I thought I remembered seeing Halley’s comet in the 1990s, but after reading up on it, I probably remember people talking about Halley’s comet in the 1980s (when I was in elementary school) and then saw either Hyakutake or Hale-Bopp in the 1990s (when I was in college). I live in a brightly lit city now, and am not allowed to leave my house, but back then I lived in Central Pennsylvania and if I drove for 10 minutes in any direction it would get pretty dark.

Anyway, Atlas is supposed to be visible in the North to Northwest sky. I wouldn’t mind learning to read star charts if I ever get the time, but I recently discovered that there are a ton of astronomy apps out there. I’ve been using Sky View, and it’s great but just one of many. You just point your tablet at the sky and it labels whatever is there for you. You can convince yourself it is accurate just by pointing it at the moon. It actually works just fine in the daytime, on a cloudy night, or if you point it down at the ground and want to know what a person looking up at the sky in the Australian outback might be seeing. Space is predictable like that, and GPS works that well on the average device owned by the average Joe. Pretty neat.

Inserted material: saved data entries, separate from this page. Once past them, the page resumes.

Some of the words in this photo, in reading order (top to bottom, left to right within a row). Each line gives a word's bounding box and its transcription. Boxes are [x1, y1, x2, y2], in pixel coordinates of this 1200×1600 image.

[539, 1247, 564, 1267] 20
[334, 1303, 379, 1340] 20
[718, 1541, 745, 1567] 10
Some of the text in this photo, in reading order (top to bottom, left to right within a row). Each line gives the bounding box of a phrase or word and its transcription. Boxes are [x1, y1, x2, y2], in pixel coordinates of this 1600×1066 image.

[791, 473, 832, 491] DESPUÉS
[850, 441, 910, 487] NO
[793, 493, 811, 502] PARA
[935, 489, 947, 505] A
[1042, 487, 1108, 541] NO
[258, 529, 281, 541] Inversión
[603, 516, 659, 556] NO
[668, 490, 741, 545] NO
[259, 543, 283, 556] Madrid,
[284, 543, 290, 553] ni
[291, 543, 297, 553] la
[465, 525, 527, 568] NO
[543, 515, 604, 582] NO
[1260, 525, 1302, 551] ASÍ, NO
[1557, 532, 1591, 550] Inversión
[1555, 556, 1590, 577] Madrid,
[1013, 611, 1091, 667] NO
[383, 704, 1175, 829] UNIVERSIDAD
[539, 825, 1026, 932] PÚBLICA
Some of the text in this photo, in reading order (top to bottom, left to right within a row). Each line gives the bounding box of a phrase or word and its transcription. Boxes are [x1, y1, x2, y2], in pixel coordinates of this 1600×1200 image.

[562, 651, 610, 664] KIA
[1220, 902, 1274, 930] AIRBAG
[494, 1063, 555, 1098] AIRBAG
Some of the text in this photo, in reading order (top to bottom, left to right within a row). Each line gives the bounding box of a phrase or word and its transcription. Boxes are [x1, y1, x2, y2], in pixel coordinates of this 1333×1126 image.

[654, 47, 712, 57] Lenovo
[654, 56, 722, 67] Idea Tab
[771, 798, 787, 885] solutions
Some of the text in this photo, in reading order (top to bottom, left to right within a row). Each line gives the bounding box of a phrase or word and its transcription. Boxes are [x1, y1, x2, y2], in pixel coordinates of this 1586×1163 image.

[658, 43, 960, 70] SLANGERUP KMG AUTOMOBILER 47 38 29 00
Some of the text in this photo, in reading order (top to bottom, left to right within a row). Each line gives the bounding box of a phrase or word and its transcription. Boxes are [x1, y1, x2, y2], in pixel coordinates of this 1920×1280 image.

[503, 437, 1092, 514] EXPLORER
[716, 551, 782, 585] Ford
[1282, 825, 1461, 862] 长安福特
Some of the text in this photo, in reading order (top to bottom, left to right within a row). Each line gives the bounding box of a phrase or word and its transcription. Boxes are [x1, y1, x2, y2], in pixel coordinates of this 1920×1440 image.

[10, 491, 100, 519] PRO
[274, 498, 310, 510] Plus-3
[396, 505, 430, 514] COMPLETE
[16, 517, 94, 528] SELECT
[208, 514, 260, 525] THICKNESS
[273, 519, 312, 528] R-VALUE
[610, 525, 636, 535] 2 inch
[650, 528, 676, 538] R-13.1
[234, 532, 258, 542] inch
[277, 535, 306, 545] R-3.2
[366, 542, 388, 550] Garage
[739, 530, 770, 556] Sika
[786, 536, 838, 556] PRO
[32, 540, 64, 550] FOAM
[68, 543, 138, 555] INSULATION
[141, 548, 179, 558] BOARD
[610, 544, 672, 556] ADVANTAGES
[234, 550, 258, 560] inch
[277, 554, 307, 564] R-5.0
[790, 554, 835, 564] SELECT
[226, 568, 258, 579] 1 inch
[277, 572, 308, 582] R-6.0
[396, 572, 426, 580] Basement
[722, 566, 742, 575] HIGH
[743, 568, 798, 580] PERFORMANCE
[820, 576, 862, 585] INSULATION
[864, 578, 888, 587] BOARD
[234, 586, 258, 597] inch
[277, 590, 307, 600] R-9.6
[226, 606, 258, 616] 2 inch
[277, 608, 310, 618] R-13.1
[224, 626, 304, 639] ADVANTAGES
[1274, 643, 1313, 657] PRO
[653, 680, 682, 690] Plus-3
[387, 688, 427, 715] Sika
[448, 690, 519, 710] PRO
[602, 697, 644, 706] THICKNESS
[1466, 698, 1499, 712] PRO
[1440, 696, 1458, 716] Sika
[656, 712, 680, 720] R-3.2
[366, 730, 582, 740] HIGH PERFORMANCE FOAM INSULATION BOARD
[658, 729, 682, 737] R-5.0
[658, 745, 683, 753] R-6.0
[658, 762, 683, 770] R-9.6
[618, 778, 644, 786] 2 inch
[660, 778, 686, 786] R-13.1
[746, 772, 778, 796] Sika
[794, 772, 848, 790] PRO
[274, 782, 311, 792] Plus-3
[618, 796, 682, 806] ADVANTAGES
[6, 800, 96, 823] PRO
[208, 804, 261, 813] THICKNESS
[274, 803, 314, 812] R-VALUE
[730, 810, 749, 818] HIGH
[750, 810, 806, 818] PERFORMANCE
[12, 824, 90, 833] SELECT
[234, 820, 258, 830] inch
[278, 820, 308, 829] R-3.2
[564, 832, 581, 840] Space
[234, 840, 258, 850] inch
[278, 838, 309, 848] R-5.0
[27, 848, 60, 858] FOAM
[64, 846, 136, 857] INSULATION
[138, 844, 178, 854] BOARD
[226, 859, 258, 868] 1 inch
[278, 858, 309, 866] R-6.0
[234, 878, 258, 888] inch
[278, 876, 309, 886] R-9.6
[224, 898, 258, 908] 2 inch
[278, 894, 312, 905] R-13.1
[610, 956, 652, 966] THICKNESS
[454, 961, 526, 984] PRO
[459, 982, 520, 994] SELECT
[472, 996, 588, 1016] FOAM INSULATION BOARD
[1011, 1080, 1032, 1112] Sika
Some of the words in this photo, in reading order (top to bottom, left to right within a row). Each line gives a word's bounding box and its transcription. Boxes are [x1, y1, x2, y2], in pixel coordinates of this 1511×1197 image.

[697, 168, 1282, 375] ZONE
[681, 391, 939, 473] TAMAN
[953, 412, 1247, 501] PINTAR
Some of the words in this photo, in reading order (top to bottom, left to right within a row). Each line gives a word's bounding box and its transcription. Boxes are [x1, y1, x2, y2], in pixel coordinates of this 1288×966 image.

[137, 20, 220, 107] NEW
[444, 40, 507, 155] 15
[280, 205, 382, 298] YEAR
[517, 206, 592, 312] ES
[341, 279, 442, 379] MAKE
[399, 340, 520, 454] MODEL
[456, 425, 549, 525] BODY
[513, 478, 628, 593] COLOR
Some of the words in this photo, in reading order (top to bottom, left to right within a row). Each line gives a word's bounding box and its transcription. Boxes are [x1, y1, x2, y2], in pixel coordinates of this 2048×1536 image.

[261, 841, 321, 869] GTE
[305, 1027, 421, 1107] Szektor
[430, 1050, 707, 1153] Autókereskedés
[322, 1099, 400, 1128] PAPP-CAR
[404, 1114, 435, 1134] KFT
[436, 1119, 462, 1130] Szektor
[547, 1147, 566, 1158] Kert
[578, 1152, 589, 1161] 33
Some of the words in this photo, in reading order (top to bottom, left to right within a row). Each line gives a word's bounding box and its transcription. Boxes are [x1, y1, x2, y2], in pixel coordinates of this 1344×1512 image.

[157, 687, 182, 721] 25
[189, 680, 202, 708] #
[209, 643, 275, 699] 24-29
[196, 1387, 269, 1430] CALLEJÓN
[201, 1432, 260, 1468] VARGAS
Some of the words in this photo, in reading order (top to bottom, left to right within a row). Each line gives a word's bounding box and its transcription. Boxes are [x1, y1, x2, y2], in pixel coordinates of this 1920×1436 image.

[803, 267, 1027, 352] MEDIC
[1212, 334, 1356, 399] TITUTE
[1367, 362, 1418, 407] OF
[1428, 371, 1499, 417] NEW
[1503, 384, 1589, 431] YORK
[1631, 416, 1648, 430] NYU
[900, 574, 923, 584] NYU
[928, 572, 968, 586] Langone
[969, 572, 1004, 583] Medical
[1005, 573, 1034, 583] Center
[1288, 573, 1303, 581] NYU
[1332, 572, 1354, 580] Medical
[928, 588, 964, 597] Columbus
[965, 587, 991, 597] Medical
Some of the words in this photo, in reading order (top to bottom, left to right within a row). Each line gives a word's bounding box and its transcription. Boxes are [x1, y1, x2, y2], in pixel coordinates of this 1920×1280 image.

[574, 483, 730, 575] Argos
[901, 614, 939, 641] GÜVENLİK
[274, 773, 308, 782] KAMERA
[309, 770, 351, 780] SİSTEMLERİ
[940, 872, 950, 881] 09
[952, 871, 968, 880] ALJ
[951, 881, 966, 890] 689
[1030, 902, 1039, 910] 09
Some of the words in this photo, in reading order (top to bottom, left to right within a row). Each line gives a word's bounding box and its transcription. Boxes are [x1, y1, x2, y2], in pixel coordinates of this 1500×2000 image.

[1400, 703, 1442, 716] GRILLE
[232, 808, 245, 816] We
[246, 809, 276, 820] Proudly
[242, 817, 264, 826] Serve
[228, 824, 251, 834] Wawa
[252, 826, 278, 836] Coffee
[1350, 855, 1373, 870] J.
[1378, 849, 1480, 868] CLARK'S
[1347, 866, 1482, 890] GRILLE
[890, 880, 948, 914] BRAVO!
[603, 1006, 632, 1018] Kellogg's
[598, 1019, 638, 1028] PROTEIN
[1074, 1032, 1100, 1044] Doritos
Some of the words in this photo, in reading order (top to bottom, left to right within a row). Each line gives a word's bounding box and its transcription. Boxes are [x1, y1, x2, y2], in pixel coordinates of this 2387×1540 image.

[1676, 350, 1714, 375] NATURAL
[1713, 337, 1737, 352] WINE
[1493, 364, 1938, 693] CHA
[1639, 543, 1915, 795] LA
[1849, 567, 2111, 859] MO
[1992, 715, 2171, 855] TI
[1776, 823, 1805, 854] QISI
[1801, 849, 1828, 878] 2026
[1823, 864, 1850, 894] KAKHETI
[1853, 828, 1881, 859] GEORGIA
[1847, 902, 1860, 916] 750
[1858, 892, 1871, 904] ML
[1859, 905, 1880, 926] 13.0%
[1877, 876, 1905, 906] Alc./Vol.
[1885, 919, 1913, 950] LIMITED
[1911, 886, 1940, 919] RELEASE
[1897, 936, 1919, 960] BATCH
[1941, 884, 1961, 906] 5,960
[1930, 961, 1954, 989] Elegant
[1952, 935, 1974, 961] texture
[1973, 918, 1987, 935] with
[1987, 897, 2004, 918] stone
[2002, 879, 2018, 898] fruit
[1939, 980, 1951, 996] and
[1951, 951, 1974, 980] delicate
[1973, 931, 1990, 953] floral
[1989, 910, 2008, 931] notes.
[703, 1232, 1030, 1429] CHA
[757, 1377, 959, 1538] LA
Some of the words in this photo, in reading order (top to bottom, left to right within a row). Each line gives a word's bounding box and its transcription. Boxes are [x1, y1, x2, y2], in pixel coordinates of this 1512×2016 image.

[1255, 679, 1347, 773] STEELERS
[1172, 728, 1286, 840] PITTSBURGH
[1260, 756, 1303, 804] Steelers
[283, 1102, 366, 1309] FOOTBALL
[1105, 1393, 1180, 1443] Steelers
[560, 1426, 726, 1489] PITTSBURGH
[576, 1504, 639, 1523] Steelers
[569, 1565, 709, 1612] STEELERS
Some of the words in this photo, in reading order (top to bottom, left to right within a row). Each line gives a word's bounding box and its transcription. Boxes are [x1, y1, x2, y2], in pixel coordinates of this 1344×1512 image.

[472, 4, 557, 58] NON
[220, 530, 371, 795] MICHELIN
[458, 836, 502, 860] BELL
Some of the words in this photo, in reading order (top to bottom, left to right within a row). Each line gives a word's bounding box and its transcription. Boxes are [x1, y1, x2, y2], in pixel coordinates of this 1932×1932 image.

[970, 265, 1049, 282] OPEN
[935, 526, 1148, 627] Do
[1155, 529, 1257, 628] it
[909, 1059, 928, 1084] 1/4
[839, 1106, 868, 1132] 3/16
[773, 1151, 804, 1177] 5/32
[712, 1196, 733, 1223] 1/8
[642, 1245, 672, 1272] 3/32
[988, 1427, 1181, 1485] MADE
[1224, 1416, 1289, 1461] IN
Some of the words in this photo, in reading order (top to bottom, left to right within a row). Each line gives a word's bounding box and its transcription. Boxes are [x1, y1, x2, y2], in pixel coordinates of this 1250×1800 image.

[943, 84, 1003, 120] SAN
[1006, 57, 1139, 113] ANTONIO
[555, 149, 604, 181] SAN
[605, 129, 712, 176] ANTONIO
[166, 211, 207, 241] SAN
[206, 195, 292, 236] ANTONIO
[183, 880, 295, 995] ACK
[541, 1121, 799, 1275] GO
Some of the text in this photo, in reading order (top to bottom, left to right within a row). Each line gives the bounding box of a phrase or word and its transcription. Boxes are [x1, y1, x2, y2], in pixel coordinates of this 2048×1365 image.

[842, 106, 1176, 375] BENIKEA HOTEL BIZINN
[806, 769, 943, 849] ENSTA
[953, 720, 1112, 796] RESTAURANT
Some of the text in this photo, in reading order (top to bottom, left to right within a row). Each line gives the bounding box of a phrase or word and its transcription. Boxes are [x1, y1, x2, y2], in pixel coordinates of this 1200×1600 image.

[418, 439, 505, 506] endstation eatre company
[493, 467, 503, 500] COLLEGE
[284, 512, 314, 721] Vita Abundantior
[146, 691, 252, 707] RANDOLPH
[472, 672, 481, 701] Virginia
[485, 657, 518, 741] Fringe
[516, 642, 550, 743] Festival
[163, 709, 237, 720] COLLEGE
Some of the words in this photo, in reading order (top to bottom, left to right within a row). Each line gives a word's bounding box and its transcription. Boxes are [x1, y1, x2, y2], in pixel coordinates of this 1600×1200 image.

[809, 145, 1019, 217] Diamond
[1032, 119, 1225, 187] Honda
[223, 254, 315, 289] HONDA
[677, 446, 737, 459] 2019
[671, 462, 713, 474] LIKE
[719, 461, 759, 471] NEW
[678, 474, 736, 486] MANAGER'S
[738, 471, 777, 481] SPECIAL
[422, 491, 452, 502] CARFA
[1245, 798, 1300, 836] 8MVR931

And as for the Apocalypse, nobody is suggesting this thing is actually headed anywhere near earth. This article says it will be 273 million miles from the Sun. The Earth is about 90 million miles from the Sun, so that is only three times the distance, but I don’t know if the Earth is on the same side as the comet right now, so it might be more. It’s far and we have plenty of other things to worry about here on our little blue dot.